第1夫人の打診があったのはジェスレーン様が即位してすぐの事だった。
「エディリアーナは皇帝の妻となるために育てたのだ。必ず正妃になりなさい」
「エディリアーナは正妃になるわ。私の娘だもの」
両親からの言葉を受けて後宮入りした日、恙なく初夜を終え、ようやく息を吐くことが出来た。
その後も続々と上級貴族の娘たちがハーレムに加わったけれど、戦争や平和協定でジェスレーン様が留守になる際の仕事を内密に引き受けていたのは私だけだった。

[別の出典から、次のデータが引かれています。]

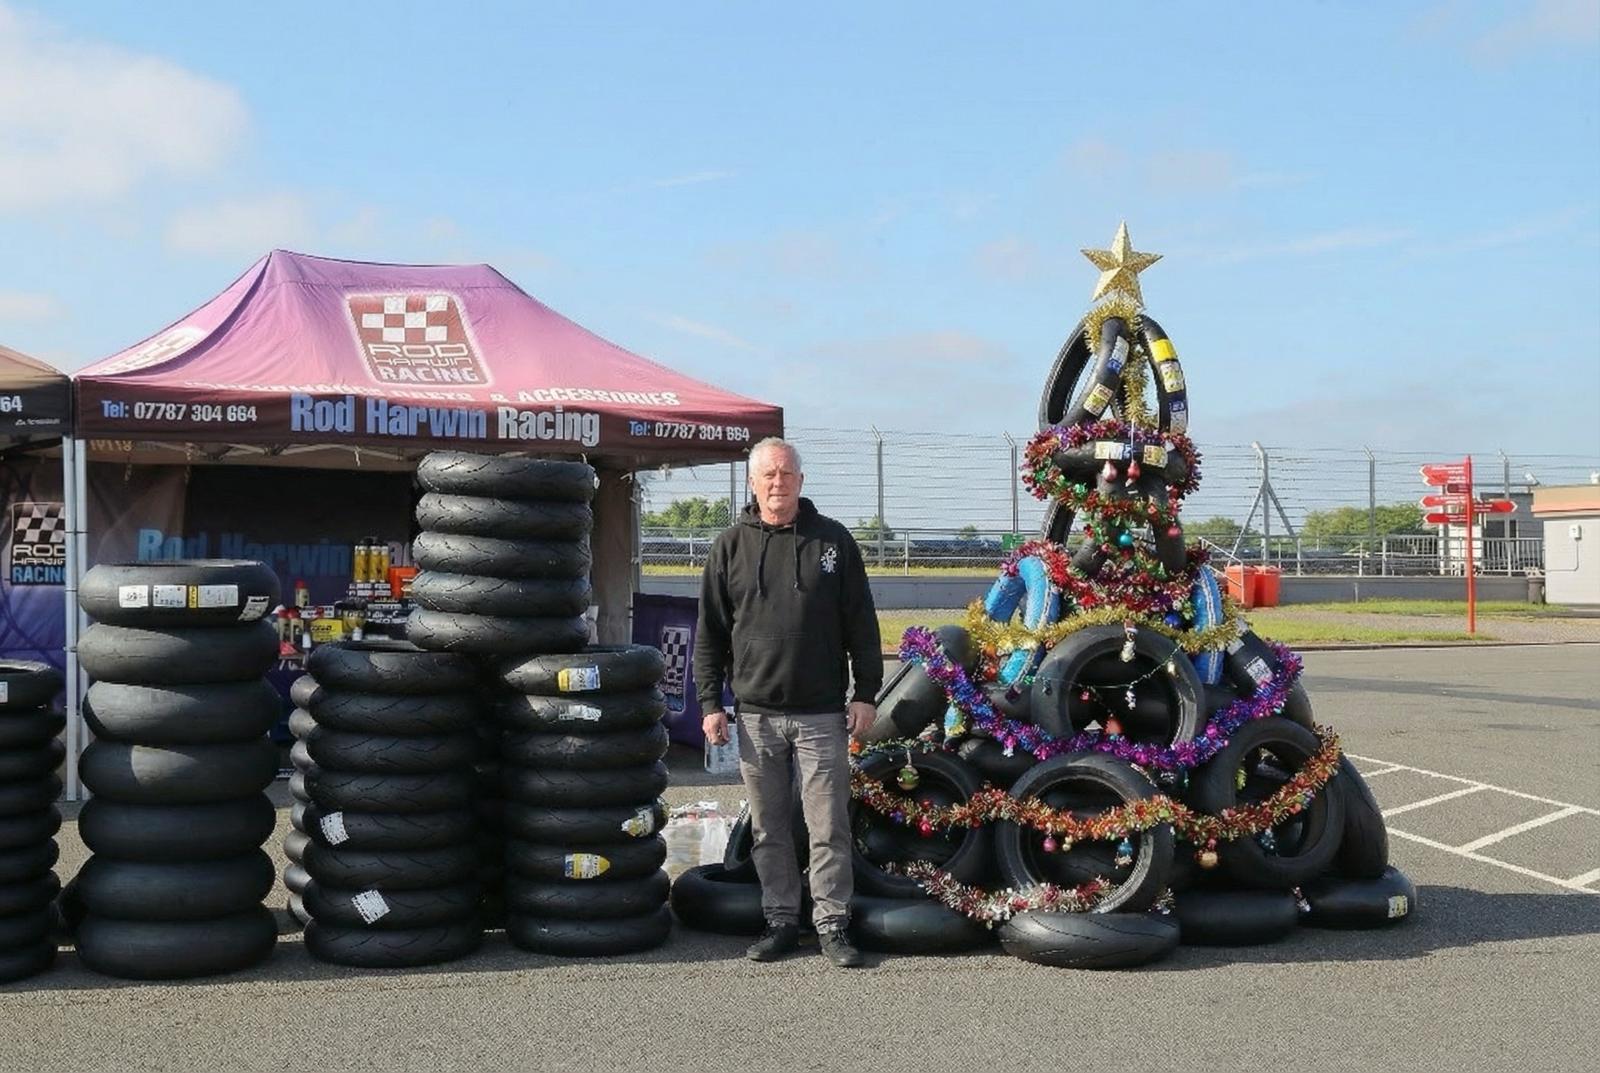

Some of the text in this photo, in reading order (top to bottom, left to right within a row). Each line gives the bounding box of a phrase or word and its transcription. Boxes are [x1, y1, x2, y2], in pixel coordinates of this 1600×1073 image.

[368, 343, 468, 358] ROD
[377, 366, 479, 381] RACING
[518, 388, 681, 406] ACCESSORIES
[101, 400, 257, 422] Tel: 07787 304 664
[290, 392, 600, 447] Rod Harwin Racing
[629, 421, 651, 436] Tel:
[655, 422, 696, 439] 07787
[699, 425, 722, 440] 304
[12, 566, 66, 583] RACIN
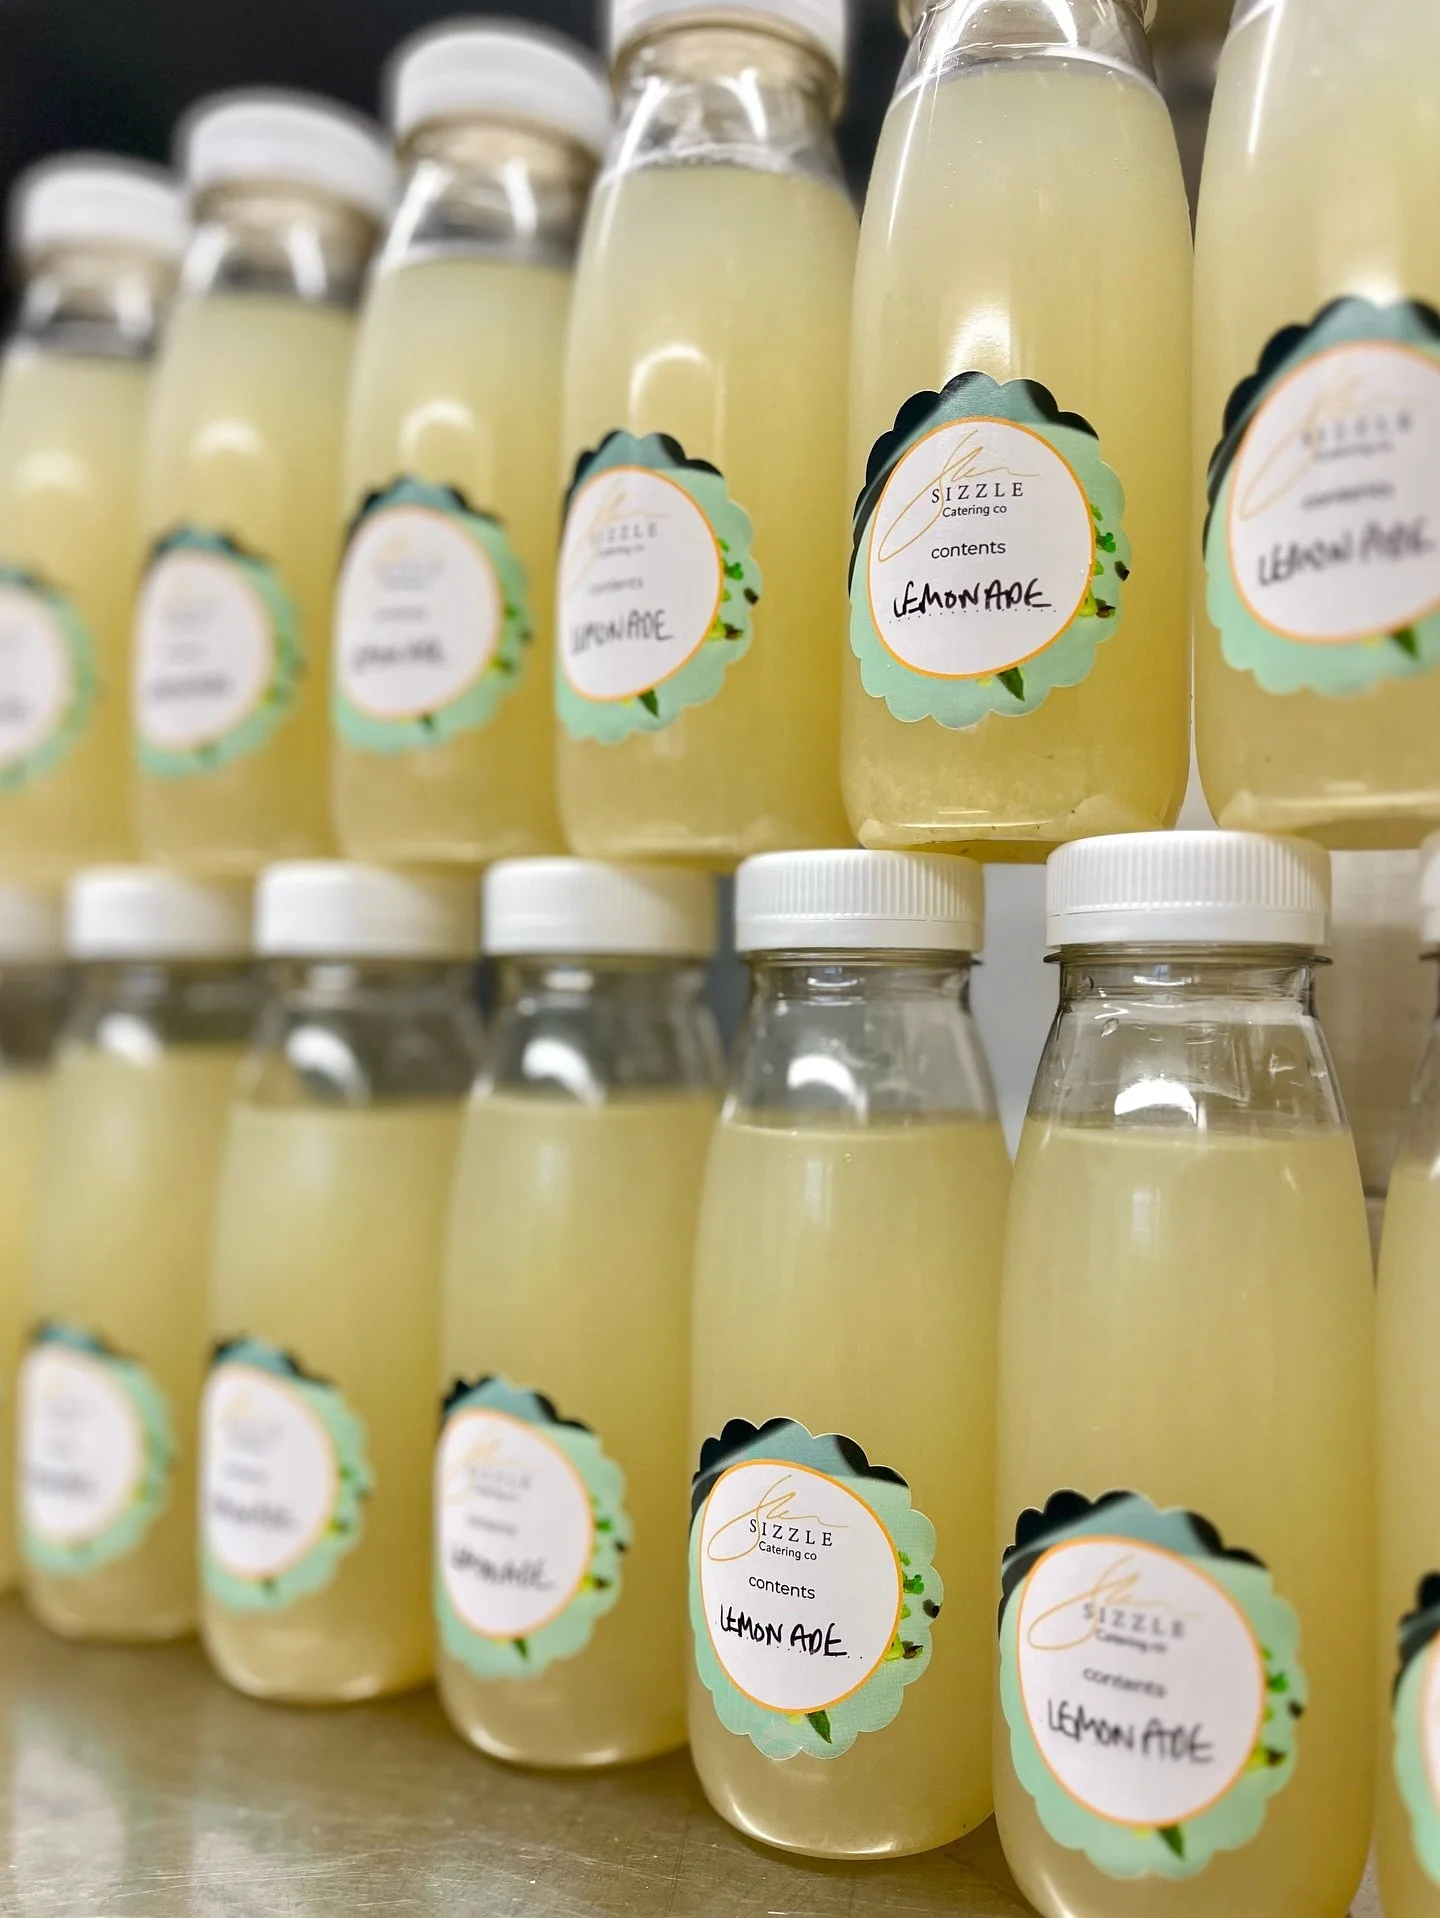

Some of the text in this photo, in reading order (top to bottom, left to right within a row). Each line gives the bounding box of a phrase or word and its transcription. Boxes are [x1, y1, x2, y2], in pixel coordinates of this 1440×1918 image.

[931, 482, 1024, 503] SIZZLE
[942, 504, 1007, 518] Catering co
[931, 540, 1006, 559] contents
[893, 578, 1053, 618] LEMONADE
[749, 1519, 833, 1547] SIZZLE
[758, 1541, 817, 1561] Catering co
[749, 1575, 816, 1600] contents
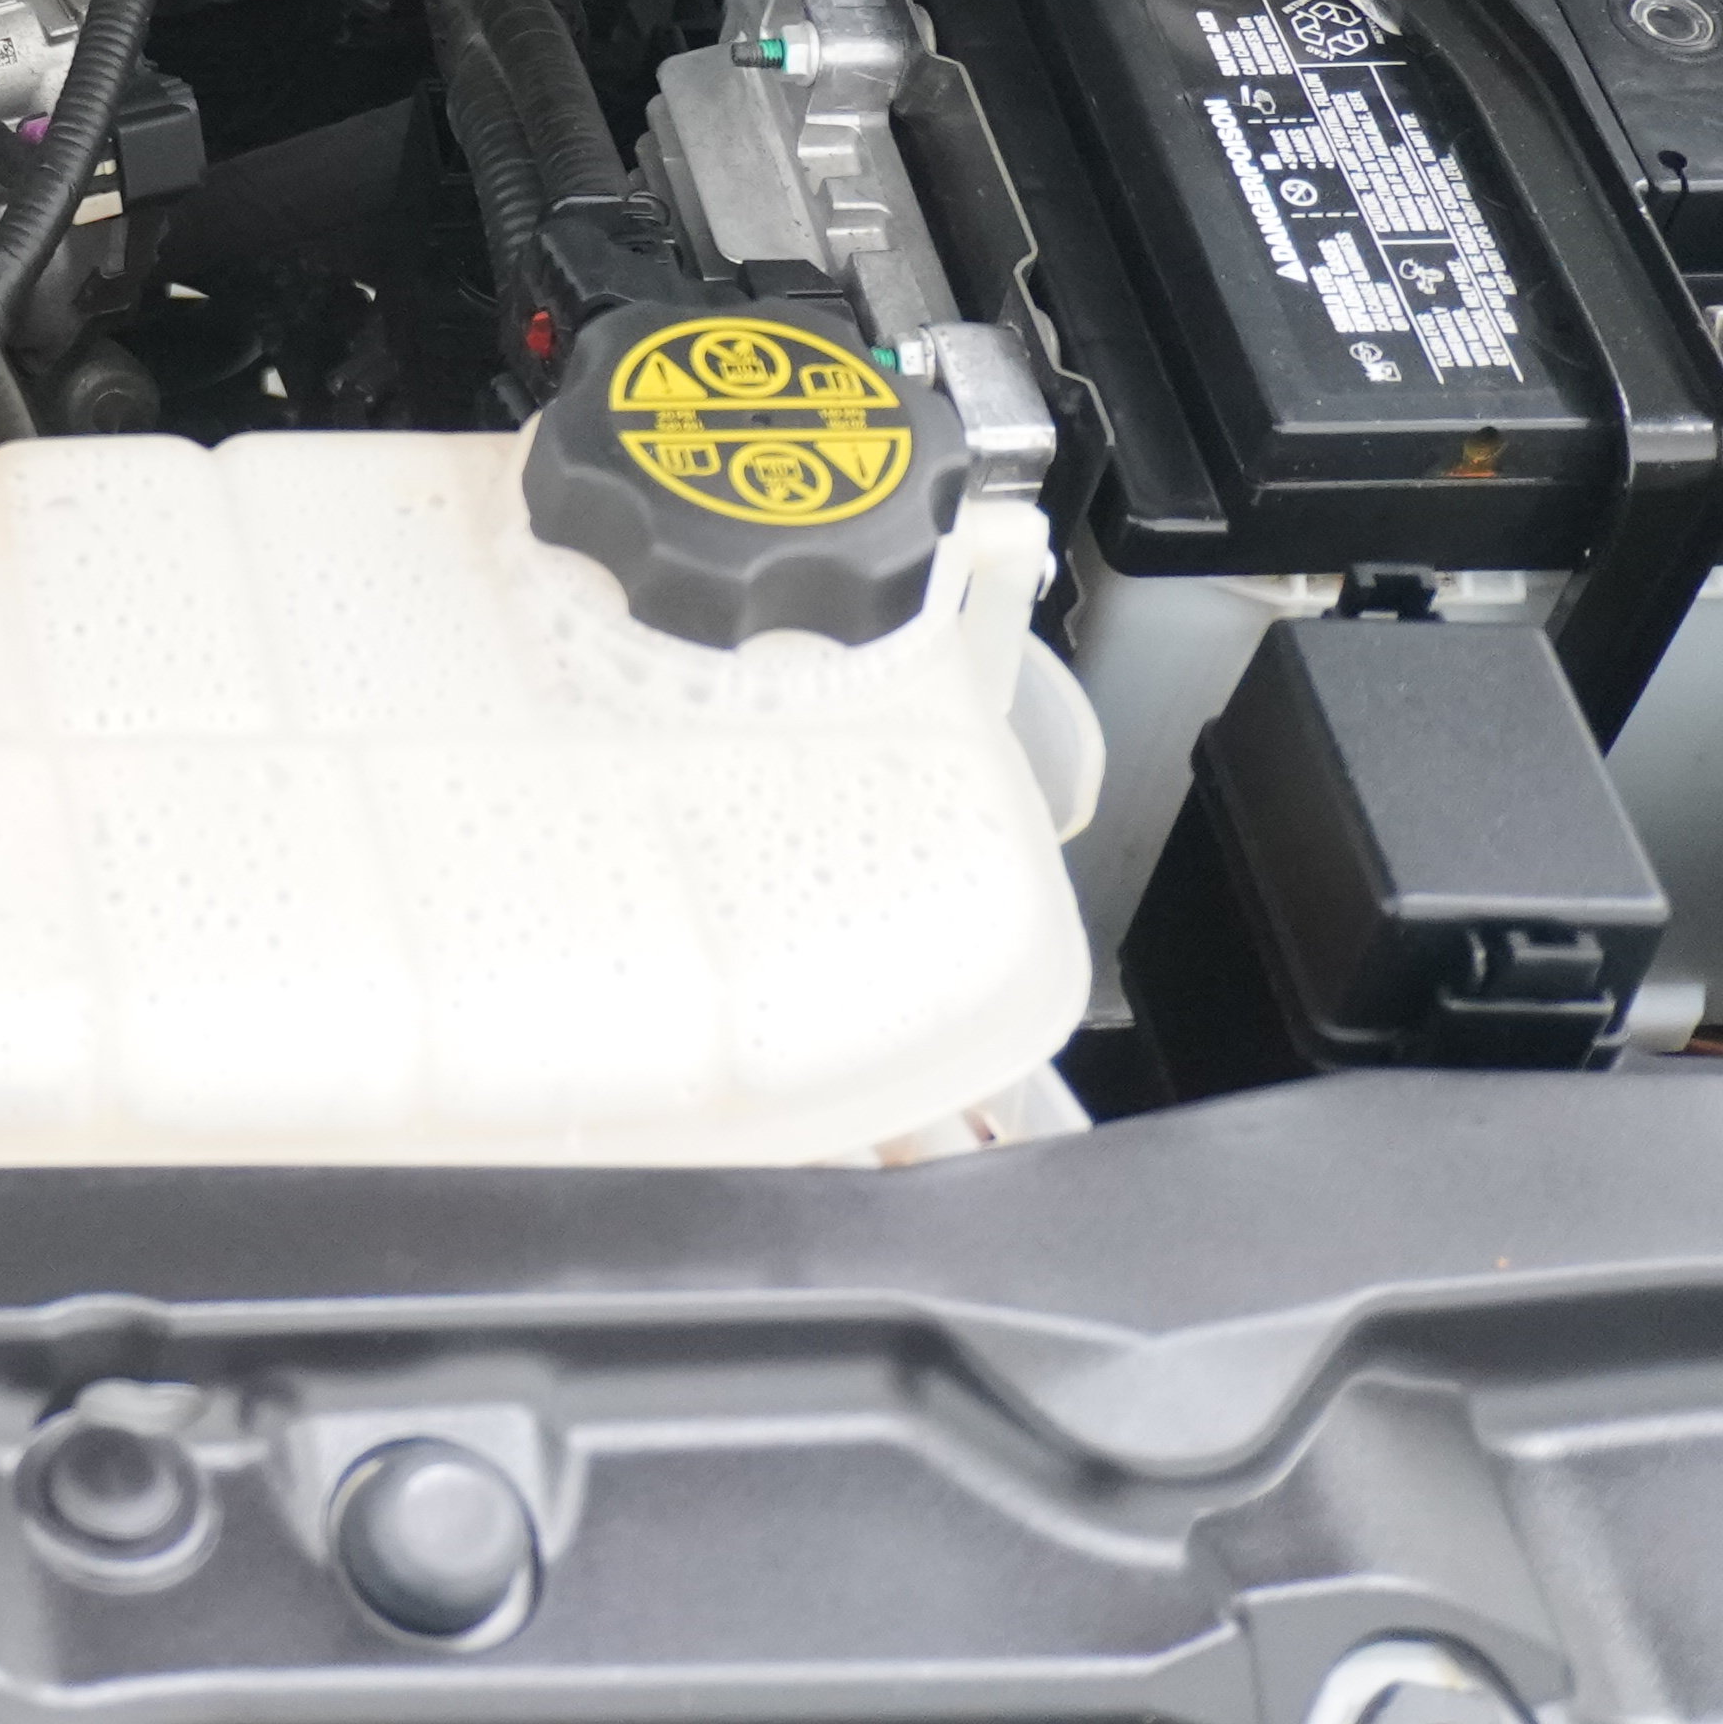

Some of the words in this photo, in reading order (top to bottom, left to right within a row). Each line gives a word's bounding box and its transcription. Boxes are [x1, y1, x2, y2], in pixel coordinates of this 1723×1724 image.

[1195, 10, 1220, 33] ACID
[1236, 16, 1255, 30] OR
[1253, 14, 1279, 43] BURNS
[1206, 33, 1239, 77] SULFURIC
[1225, 30, 1250, 57] CAUSE
[1242, 29, 1276, 75] BLINDNESS
[1305, 44, 1334, 60] LEAD
[1237, 57, 1258, 75] CAN
[1266, 42, 1293, 75] SEVERE
[1303, 72, 1332, 106] FOLLOW
[1269, 128, 1298, 164] SPARKS
[1287, 128, 1316, 163] FLAMES
[1259, 153, 1283, 170] NO
[1206, 100, 1298, 261] DANGER/POISON
[1309, 265, 1339, 294] EYES

ジェスレーン様との会話も政治的な内容が多く、政略結婚をした両親と同じような関係性が築かれていたと思う。正妃になるのは私しかいないだろう、という思いを抱えたままジェスレーン様の仕事を手伝い、ハーレム内の序列を崩さないよう調整している間に3年という時間が過ぎた。
「エディリアーナ、ちょっと良いか?」
「まぁ、どうしましたか?」
ジェスレーン様が先触れもなく私の部屋を訪れたのは、第10夫人のアリシャ様が後宮入りした翌日のことだった。
「まぁ! 先触れも無しにいらっしゃるなんて! 皇帝陛下、私とエディリアーナ様のお茶会を邪魔するなんて酷いですわ!」
「ユーリエ、すまぬが席を外してくれ」
ユーリエは私を慕って後宮入りした女性なのでジェスレーン様に対しては基本的に塩対応をしているようだ。それに、名前を呼ぶことを許されていても頑なに『皇帝陛下』と呼び続けている。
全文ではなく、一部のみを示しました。